Mas cá entre nós, quem não sonha em cair no gosto de, que seja, 1% desta população?

O empreendedorismo é uma lição a parte na China, é um capítulo que cresce de forma exponencial e robusta. O presidente afirmou: “estamos construindo um país que será reconhecido não mais pelo seu ‘Made in China’, e sim pelo ‘Create by China’”, e isso é notório e real.

Para entendermos esse crescimento, essa robustez, precisamos entender os passos firmes que são dados pelos empreendedores locais no gerenciamento dos seus negócios. Diferente de algumas culturas, aqui é tudo muito bem planejado. Define-se muito bem o que se deseja do negócio e age-se muito rápido. Aqui não se vislumbra retorno imediato, na maioria dos casos são investimentos a longo prazo.

Aqui se definem os riscos. Riscos? Sim, riscos! Aqui a velocidade de entrada no mercado sobrepõe-se a excelência do produto final. Acredita-se que os grandes ajustes, a grande perfeição acontece por meio da vivência com a experiência do cliente, mais ou menos assim: o bom, se aceito, abrirá caminho para o perfeito e, consequentemente, terá o seu crescimento por escala.
Certo? Errado? Aqui funciona e dá certo!

Deu certo? Está atendendo o plano definido? É a receita esperada?

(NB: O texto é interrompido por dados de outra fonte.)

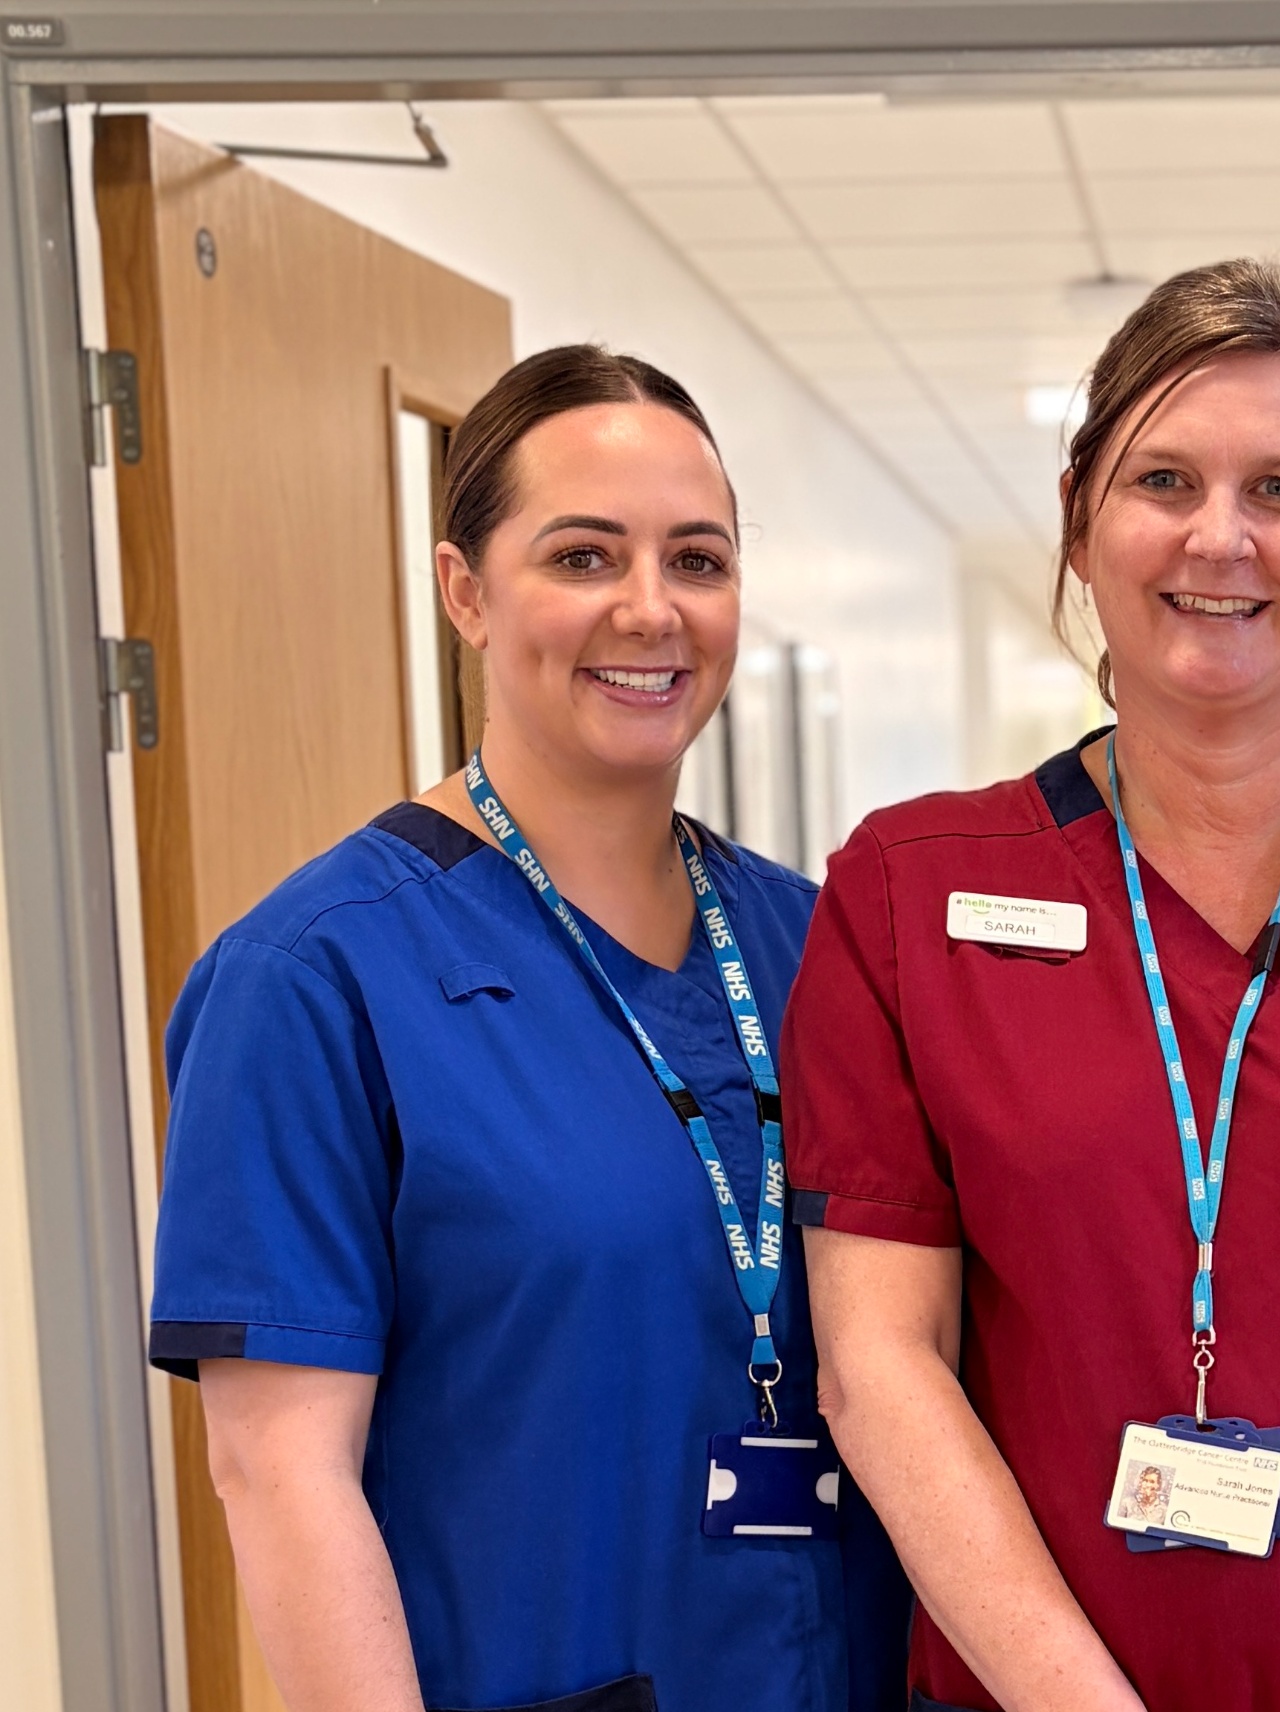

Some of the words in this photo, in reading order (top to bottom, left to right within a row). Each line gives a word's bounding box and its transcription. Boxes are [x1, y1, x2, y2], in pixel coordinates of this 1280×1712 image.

Continua, pois tem uma multidão de chinesinhos potenciais a se apaixonarem pelo seu produto!

Mesmo trabalhando com investimento a longo prazo, o controle acirrado do plano estratégico norteia se o negócio continuará firme e forte ou se fechará rapidamente. Aqui negócio não é tratado como um filho. Não tem emoção no ar, não há lamentações pelo negócio ter dado errado e, sim, uma velocidade de reação impressionante.

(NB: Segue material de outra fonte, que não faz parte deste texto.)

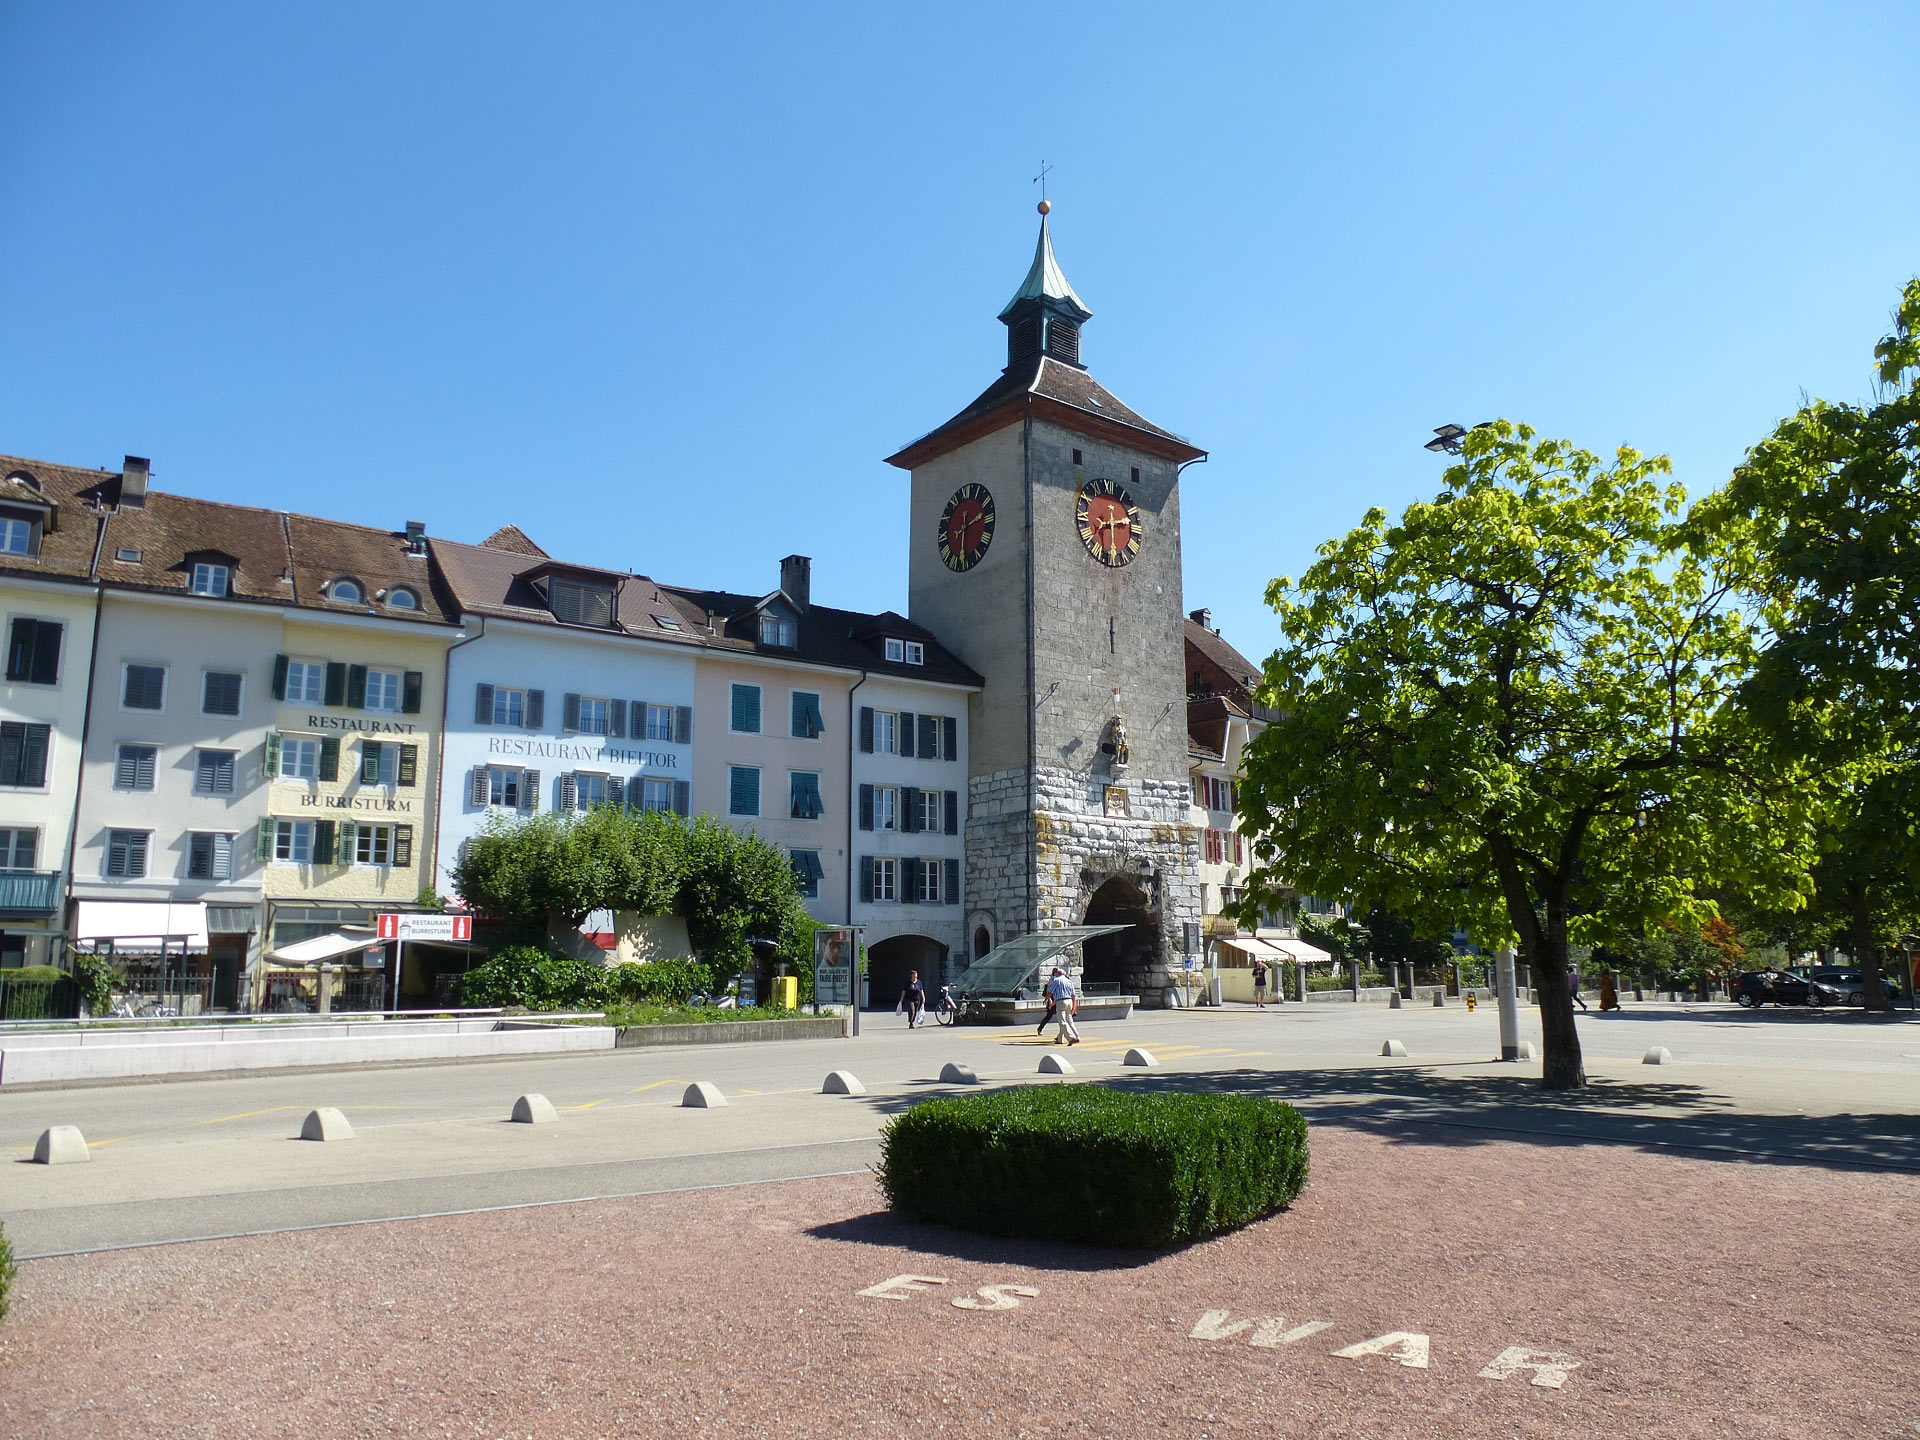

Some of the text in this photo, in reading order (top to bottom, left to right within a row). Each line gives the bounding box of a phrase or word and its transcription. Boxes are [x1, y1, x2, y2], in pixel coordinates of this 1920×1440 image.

[1127, 506, 1138, 516] II
[1131, 524, 1142, 534] III
[308, 715, 416, 735] RESTAURANT
[489, 737, 677, 769] RESTAURANT BIELTOR
[301, 794, 411, 812] BURRISTURM
[1188, 1308, 1581, 1390] WAR

Entendemos que se soma estratégia de sucesso + experiência empreendedora + importância da formação da equipe. De novo, não há espaço para emoção e nem amadores. Se deseja e se têm os melhores ao lado: o melhor profissional, o mais inspirado e inspirador, aquele que agregará com seu conhecimento, com sua dinâmica e comprometimento, e que, porque não, saberá até mais do que o próprio empresário, afinal, o que se acredita é que cada um realizará o melhor em sua área e poderá agregar às outras, assim, todos ganham e crescem juntos.

Hierarquia, atividades e rotinas claras também despertam à nossa vista, pois nesta cultura são quesitos explícitos que se faz presente e sentimos que não inibe, pelo contrário, promove uma gestão mais profissional e firme sobre a estratégia.

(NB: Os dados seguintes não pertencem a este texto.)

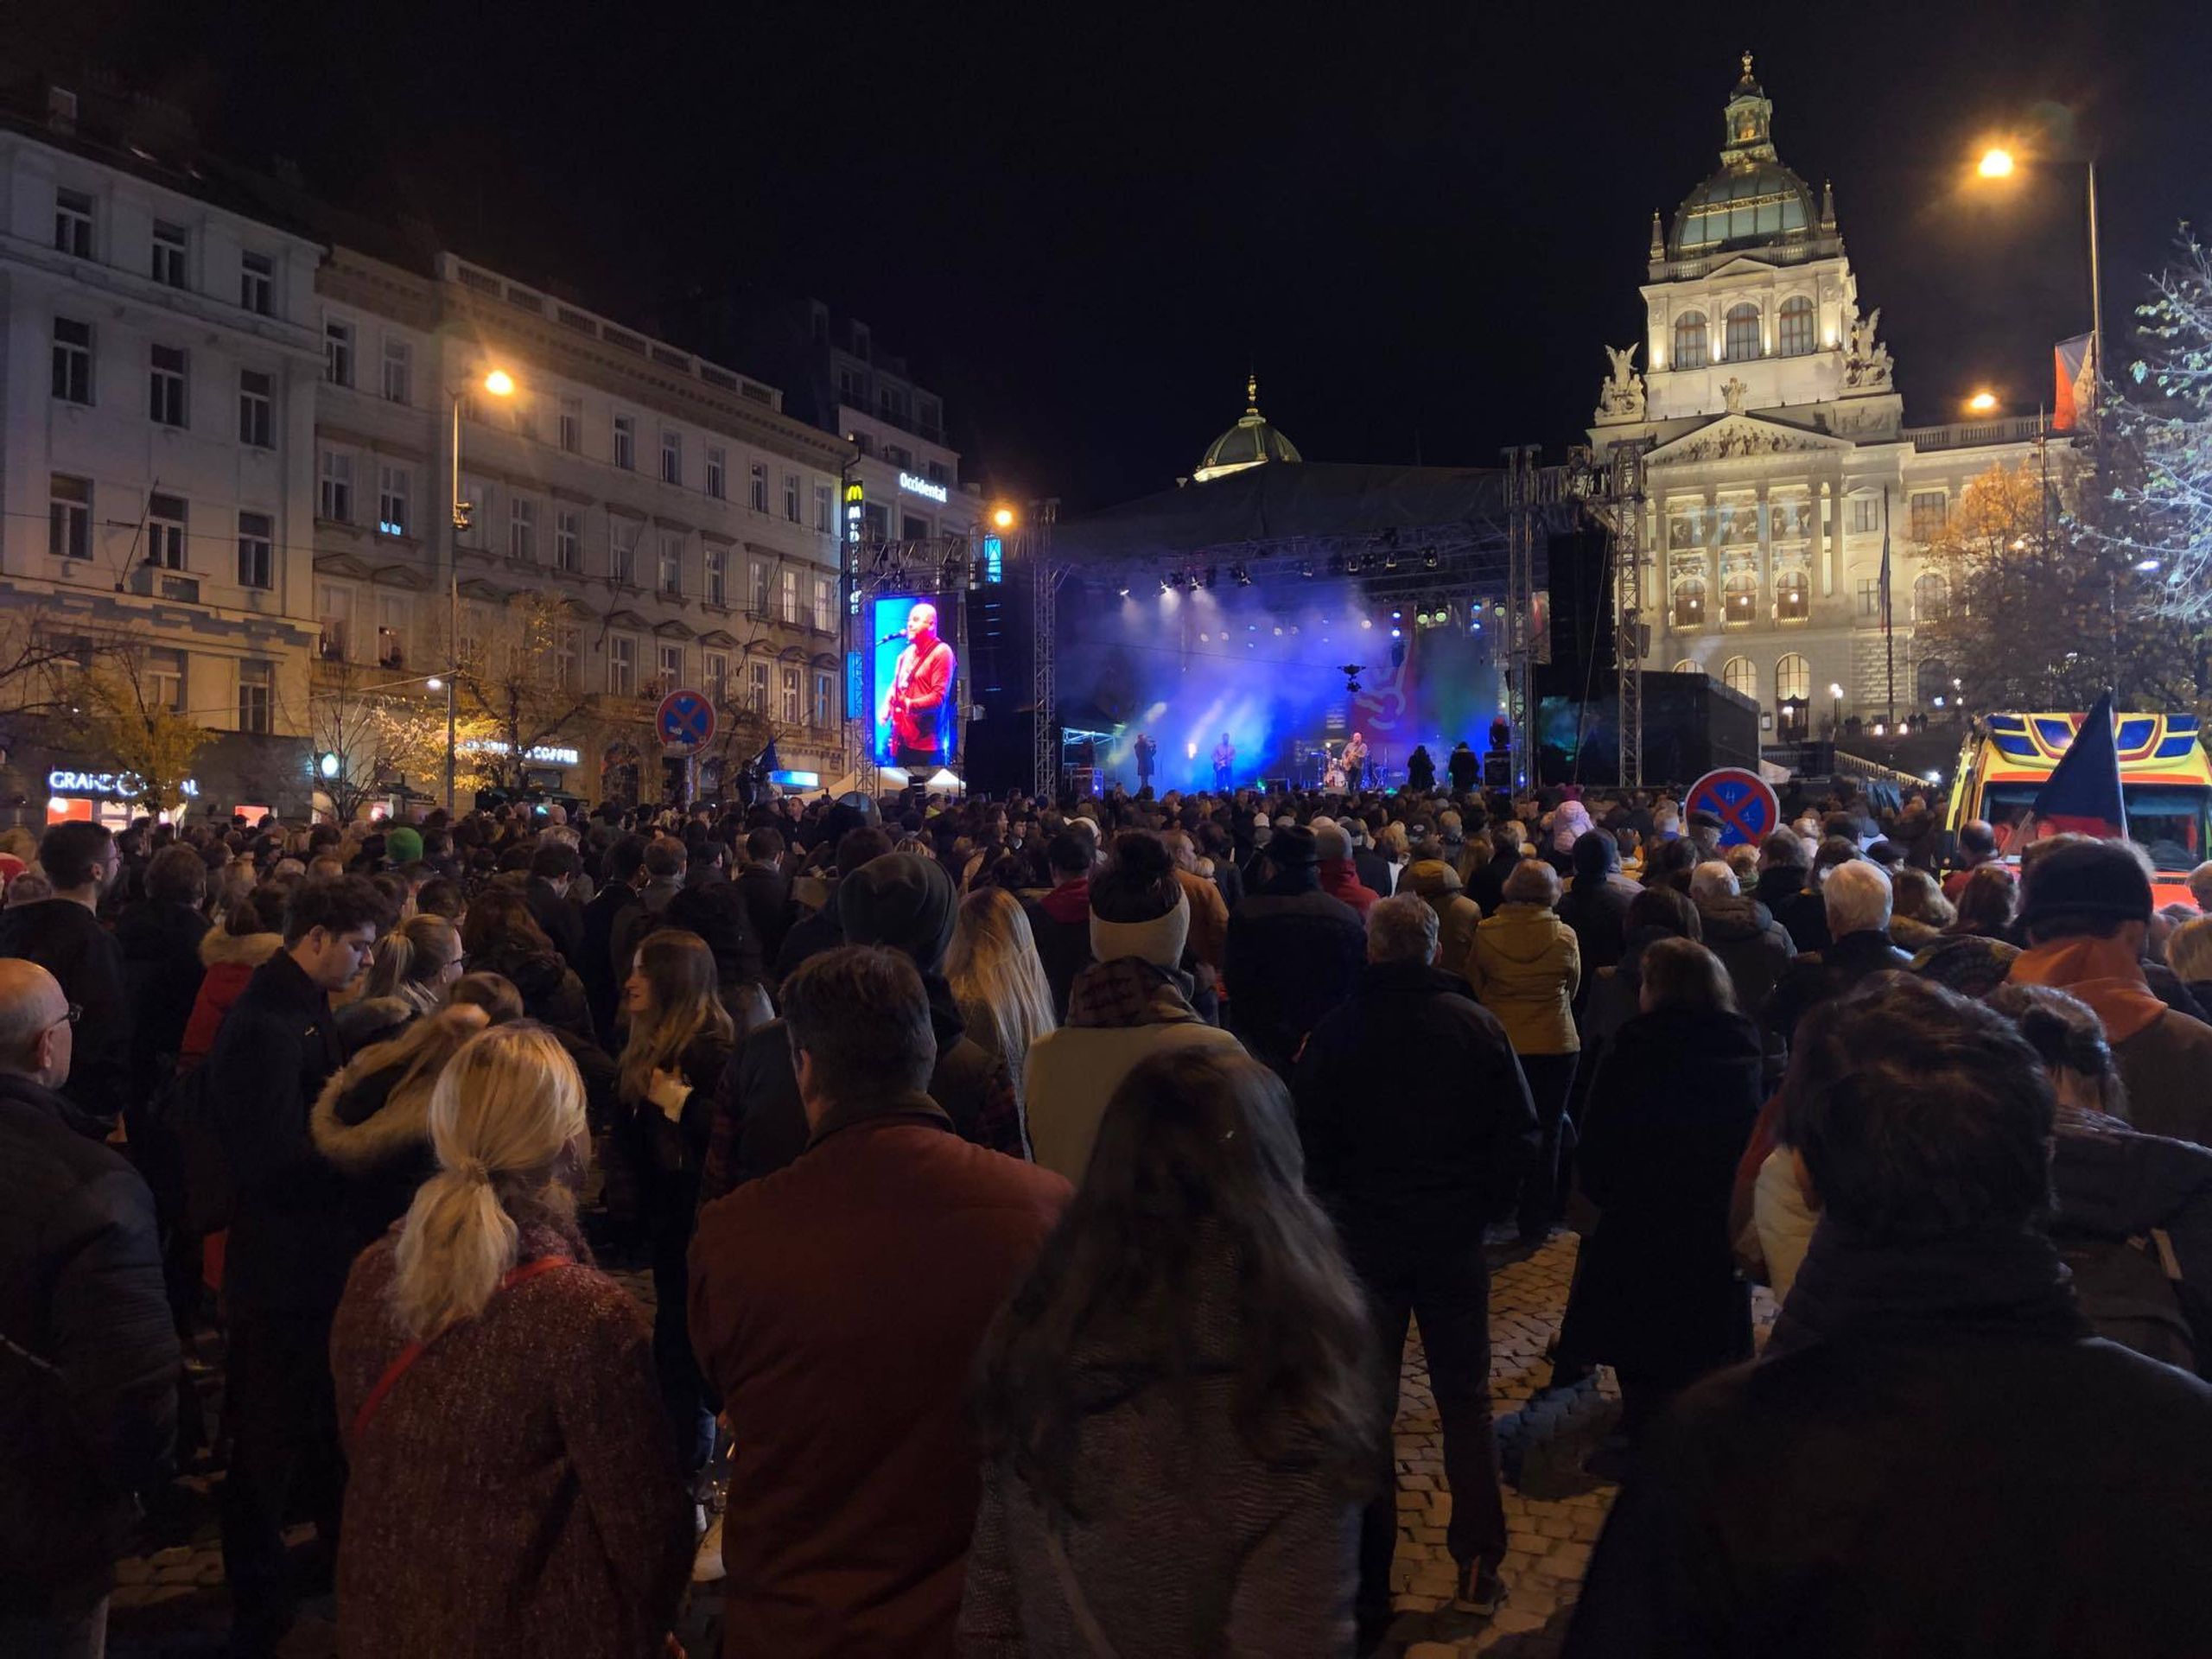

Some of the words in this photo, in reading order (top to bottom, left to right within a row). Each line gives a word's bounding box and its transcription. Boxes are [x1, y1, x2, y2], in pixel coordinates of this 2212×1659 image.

O gerenciamento contínuo do plano, dos dados e dos resultados se faz imprescindível e é necessário que seja uma atividade presente na rotina de todos diariamente. Notamos que é um dos capítulos importantes desta grande cartilha de sucesso.

Resumindo, o empreendedor chinês é rápido e feroz, assim, não dá para rever itens críticos e tomar decisões importantes se não houver uma conversa todos os dias com a equipe estratégica. Sim. Todos os dias. Dependendo da empresa, todo turno, podemos afirmar um monitoramento acirrado.

As expectativas são a longo prazo, então como assegurá-las se não as controlarmos diariamente? Assim, o gerenciamento dos fatos, ocorrências, riscos e desvios e, principalmente, a avaliação da eficiência das ações tomadas para reverter os problemas identificados se faz imprescindível, assegurando a robustez de todo o cenário. Reuniões rápidas, focadas, objetivas, contribuem para o sucesso.

Nesta troca de experiência, uma característica não pode ser deixada de lado: o comprometimento com a verdade. E a verdade não é imposta, ela é cultural, ela é genética. Errou? Não esconda o erro, não torça para que ele se resolva sozinho. Compartilhar rapidamente com honestidade e seriedade e com caminhos para resolvê-lo não te fará ser sacrificado ou crucificado. No momento, o mais importante não é o problema e sim a solução. É isso faz a grande diferença, não há luto, há reconstrução e redefinição da rota.

Então vamos estudar todas as possibilidades para que o negócio seja sucesso, sendo rápidos e perspicazes e se por acaso, algo der errado e o esperado não acontecer: vamos recomeçar!

* Valéria Vicenti é embaixadora Rede Mulher Empreendedora na China, Correspondente e Mentora do clube fechado curitibano Clube da Alice, Engenheira, mais de 20 anos de experiência executiva em gestão de pessoas e processo no segmento automobilístico.